> **PROBLEM**:
Having read the listing below, repeat it exactly.

> **DATA SHOWN**:
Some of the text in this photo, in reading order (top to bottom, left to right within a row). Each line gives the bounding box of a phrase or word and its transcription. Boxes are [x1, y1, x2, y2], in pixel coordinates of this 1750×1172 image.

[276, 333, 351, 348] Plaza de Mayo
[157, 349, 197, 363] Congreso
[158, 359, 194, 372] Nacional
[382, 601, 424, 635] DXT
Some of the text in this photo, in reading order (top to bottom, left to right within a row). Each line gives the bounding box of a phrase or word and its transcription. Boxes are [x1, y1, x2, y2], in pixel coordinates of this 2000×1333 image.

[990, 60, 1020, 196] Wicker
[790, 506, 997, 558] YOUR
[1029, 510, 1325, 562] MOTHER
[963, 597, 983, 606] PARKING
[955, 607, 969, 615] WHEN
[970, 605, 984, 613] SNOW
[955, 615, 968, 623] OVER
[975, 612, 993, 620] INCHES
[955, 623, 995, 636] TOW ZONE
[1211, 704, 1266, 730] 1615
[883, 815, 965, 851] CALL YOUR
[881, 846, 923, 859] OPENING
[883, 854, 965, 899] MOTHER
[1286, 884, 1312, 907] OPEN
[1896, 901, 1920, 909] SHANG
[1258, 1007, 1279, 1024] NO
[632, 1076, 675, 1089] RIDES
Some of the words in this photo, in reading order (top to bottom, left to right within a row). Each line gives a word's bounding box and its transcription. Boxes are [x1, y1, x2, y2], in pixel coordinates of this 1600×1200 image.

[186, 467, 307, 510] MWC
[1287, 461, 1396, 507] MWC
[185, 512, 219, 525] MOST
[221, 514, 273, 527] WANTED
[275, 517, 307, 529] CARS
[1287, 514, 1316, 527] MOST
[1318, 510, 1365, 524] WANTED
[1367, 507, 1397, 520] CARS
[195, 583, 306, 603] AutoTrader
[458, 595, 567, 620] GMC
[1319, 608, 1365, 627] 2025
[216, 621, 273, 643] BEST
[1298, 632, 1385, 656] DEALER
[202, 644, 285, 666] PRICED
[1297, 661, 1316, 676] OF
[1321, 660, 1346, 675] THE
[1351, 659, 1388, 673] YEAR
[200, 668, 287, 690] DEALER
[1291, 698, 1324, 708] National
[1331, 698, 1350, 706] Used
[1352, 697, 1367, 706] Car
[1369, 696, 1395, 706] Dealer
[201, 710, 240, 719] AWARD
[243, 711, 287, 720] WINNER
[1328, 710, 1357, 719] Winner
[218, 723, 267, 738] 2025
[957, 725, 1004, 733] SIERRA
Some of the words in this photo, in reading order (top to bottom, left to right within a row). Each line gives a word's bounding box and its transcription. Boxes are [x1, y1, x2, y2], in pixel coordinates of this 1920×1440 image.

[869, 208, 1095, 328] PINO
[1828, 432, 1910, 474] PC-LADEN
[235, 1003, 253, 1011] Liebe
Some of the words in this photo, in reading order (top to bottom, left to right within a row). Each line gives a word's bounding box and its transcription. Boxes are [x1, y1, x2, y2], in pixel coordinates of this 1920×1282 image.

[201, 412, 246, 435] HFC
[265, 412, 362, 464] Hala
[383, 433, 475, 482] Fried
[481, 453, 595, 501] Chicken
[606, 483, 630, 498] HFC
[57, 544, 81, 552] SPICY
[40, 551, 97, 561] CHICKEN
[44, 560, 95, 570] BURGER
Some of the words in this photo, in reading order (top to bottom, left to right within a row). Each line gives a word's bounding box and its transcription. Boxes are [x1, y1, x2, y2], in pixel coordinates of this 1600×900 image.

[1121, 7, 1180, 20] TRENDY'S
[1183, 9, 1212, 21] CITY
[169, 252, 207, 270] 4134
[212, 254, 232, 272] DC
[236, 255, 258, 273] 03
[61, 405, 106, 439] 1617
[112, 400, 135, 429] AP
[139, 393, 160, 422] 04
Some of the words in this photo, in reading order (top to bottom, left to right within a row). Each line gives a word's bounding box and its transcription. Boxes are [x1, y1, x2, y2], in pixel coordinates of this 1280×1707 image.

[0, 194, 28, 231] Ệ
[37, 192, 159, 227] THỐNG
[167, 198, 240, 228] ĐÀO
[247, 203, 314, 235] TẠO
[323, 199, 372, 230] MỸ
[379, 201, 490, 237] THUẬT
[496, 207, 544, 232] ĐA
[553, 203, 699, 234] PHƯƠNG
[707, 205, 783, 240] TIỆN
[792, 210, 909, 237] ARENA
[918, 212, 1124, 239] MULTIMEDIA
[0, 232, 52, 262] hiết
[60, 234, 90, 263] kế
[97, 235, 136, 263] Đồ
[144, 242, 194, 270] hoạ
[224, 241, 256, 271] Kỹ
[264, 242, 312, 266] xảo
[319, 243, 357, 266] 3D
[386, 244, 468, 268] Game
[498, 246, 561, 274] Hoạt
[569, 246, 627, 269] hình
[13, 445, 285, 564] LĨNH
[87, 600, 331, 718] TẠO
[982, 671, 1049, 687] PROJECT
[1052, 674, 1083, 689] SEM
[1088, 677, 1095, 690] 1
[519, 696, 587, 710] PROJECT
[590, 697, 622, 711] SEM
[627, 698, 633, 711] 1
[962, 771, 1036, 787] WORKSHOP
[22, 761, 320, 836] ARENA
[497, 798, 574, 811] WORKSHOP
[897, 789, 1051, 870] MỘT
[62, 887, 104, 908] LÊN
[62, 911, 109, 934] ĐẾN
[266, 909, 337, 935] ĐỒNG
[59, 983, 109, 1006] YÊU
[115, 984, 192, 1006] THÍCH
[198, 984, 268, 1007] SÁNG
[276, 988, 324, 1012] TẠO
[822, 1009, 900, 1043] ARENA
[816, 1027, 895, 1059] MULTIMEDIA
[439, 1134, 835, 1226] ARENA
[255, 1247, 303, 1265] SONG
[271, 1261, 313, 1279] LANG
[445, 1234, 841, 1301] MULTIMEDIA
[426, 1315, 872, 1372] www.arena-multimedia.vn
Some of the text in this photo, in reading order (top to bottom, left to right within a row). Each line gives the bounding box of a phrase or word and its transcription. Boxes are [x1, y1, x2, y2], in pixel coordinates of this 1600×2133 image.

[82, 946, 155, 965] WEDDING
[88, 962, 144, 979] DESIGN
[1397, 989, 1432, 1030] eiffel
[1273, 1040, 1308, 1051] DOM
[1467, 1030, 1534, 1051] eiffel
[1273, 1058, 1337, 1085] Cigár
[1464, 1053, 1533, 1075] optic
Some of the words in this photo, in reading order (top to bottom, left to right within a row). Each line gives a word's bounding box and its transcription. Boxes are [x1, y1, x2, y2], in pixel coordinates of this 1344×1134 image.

> **ANSWER AREA**:
Some of the text in this photo, in reading order (top to bottom, left to right within a row). Each line gives the bounding box of a phrase or word and its transcription. Boxes are [x1, y1, x2, y2], in pixel coordinates of this 1750×1172 image.

[276, 333, 351, 348] Plaza de Mayo
[157, 349, 197, 363] Congreso
[158, 359, 194, 372] Nacional
[382, 601, 424, 635] DXT
Some of the text in this photo, in reading order (top to bottom, left to right within a row). Each line gives the bounding box of a phrase or word and its transcription. Boxes are [x1, y1, x2, y2], in pixel coordinates of this 2000×1333 image.

[990, 60, 1020, 196] Wicker
[790, 506, 997, 558] YOUR
[1029, 510, 1325, 562] MOTHER
[963, 597, 983, 606] PARKING
[955, 607, 969, 615] WHEN
[970, 605, 984, 613] SNOW
[955, 615, 968, 623] OVER
[975, 612, 993, 620] INCHES
[955, 623, 995, 636] TOW ZONE
[1211, 704, 1266, 730] 1615
[883, 815, 965, 851] CALL YOUR
[881, 846, 923, 859] OPENING
[883, 854, 965, 899] MOTHER
[1286, 884, 1312, 907] OPEN
[1896, 901, 1920, 909] SHANG
[1258, 1007, 1279, 1024] NO
[632, 1076, 675, 1089] RIDES
Some of the words in this photo, in reading order (top to bottom, left to right within a row). Each line gives a word's bounding box and its transcription. Boxes are [x1, y1, x2, y2], in pixel coordinates of this 1600×1200 image.

[186, 467, 307, 510] MWC
[1287, 461, 1396, 507] MWC
[185, 512, 219, 525] MOST
[221, 514, 273, 527] WANTED
[275, 517, 307, 529] CARS
[1287, 514, 1316, 527] MOST
[1318, 510, 1365, 524] WANTED
[1367, 507, 1397, 520] CARS
[195, 583, 306, 603] AutoTrader
[458, 595, 567, 620] GMC
[1319, 608, 1365, 627] 2025
[216, 621, 273, 643] BEST
[1298, 632, 1385, 656] DEALER
[202, 644, 285, 666] PRICED
[1297, 661, 1316, 676] OF
[1321, 660, 1346, 675] THE
[1351, 659, 1388, 673] YEAR
[200, 668, 287, 690] DEALER
[1291, 698, 1324, 708] National
[1331, 698, 1350, 706] Used
[1352, 697, 1367, 706] Car
[1369, 696, 1395, 706] Dealer
[201, 710, 240, 719] AWARD
[243, 711, 287, 720] WINNER
[1328, 710, 1357, 719] Winner
[218, 723, 267, 738] 2025
[957, 725, 1004, 733] SIERRA
Some of the words in this photo, in reading order (top to bottom, left to right within a row). Each line gives a word's bounding box and its transcription. Boxes are [x1, y1, x2, y2], in pixel coordinates of this 1920×1440 image.

[869, 208, 1095, 328] PINO
[1828, 432, 1910, 474] PC-LADEN
[235, 1003, 253, 1011] Liebe
Some of the words in this photo, in reading order (top to bottom, left to right within a row). Each line gives a word's bounding box and its transcription. Boxes are [x1, y1, x2, y2], in pixel coordinates of this 1920×1282 image.

[201, 412, 246, 435] HFC
[265, 412, 362, 464] Hala
[383, 433, 475, 482] Fried
[481, 453, 595, 501] Chicken
[606, 483, 630, 498] HFC
[57, 544, 81, 552] SPICY
[40, 551, 97, 561] CHICKEN
[44, 560, 95, 570] BURGER
Some of the words in this photo, in reading order (top to bottom, left to right within a row). Each line gives a word's bounding box and its transcription. Boxes are [x1, y1, x2, y2], in pixel coordinates of this 1600×900 image.

[1121, 7, 1180, 20] TRENDY'S
[1183, 9, 1212, 21] CITY
[169, 252, 207, 270] 4134
[212, 254, 232, 272] DC
[236, 255, 258, 273] 03
[61, 405, 106, 439] 1617
[112, 400, 135, 429] AP
[139, 393, 160, 422] 04
Some of the words in this photo, in reading order (top to bottom, left to right within a row). Each line gives a word's bounding box and its transcription. Boxes are [x1, y1, x2, y2], in pixel coordinates of this 1280×1707 image.

[0, 194, 28, 231] Ệ
[37, 192, 159, 227] THỐNG
[167, 198, 240, 228] ĐÀO
[247, 203, 314, 235] TẠO
[323, 199, 372, 230] MỸ
[379, 201, 490, 237] THUẬT
[496, 207, 544, 232] ĐA
[553, 203, 699, 234] PHƯƠNG
[707, 205, 783, 240] TIỆN
[792, 210, 909, 237] ARENA
[918, 212, 1124, 239] MULTIMEDIA
[0, 232, 52, 262] hiết
[60, 234, 90, 263] kế
[97, 235, 136, 263] Đồ
[144, 242, 194, 270] hoạ
[224, 241, 256, 271] Kỹ
[264, 242, 312, 266] xảo
[319, 243, 357, 266] 3D
[386, 244, 468, 268] Game
[498, 246, 561, 274] Hoạt
[569, 246, 627, 269] hình
[13, 445, 285, 564] LĨNH
[87, 600, 331, 718] TẠO
[982, 671, 1049, 687] PROJECT
[1052, 674, 1083, 689] SEM
[1088, 677, 1095, 690] 1
[519, 696, 587, 710] PROJECT
[590, 697, 622, 711] SEM
[627, 698, 633, 711] 1
[962, 771, 1036, 787] WORKSHOP
[22, 761, 320, 836] ARENA
[497, 798, 574, 811] WORKSHOP
[897, 789, 1051, 870] MỘT
[62, 887, 104, 908] LÊN
[62, 911, 109, 934] ĐẾN
[266, 909, 337, 935] ĐỒNG
[59, 983, 109, 1006] YÊU
[115, 984, 192, 1006] THÍCH
[198, 984, 268, 1007] SÁNG
[276, 988, 324, 1012] TẠO
[822, 1009, 900, 1043] ARENA
[816, 1027, 895, 1059] MULTIMEDIA
[439, 1134, 835, 1226] ARENA
[255, 1247, 303, 1265] SONG
[271, 1261, 313, 1279] LANG
[445, 1234, 841, 1301] MULTIMEDIA
[426, 1315, 872, 1372] www.arena-multimedia.vn
Some of the text in this photo, in reading order (top to bottom, left to right within a row). Each line gives the bounding box of a phrase or word and its transcription. Boxes are [x1, y1, x2, y2], in pixel coordinates of this 1600×2133 image.

[82, 946, 155, 965] WEDDING
[88, 962, 144, 979] DESIGN
[1397, 989, 1432, 1030] eiffel
[1273, 1040, 1308, 1051] DOM
[1467, 1030, 1534, 1051] eiffel
[1273, 1058, 1337, 1085] Cigár
[1464, 1053, 1533, 1075] optic
Some of the words in this photo, in reading order (top to bottom, left to right within a row). Each line gives a word's bounding box and its transcription. Boxes are [x1, y1, x2, y2], in pixel coordinates of this 1344×1134 image.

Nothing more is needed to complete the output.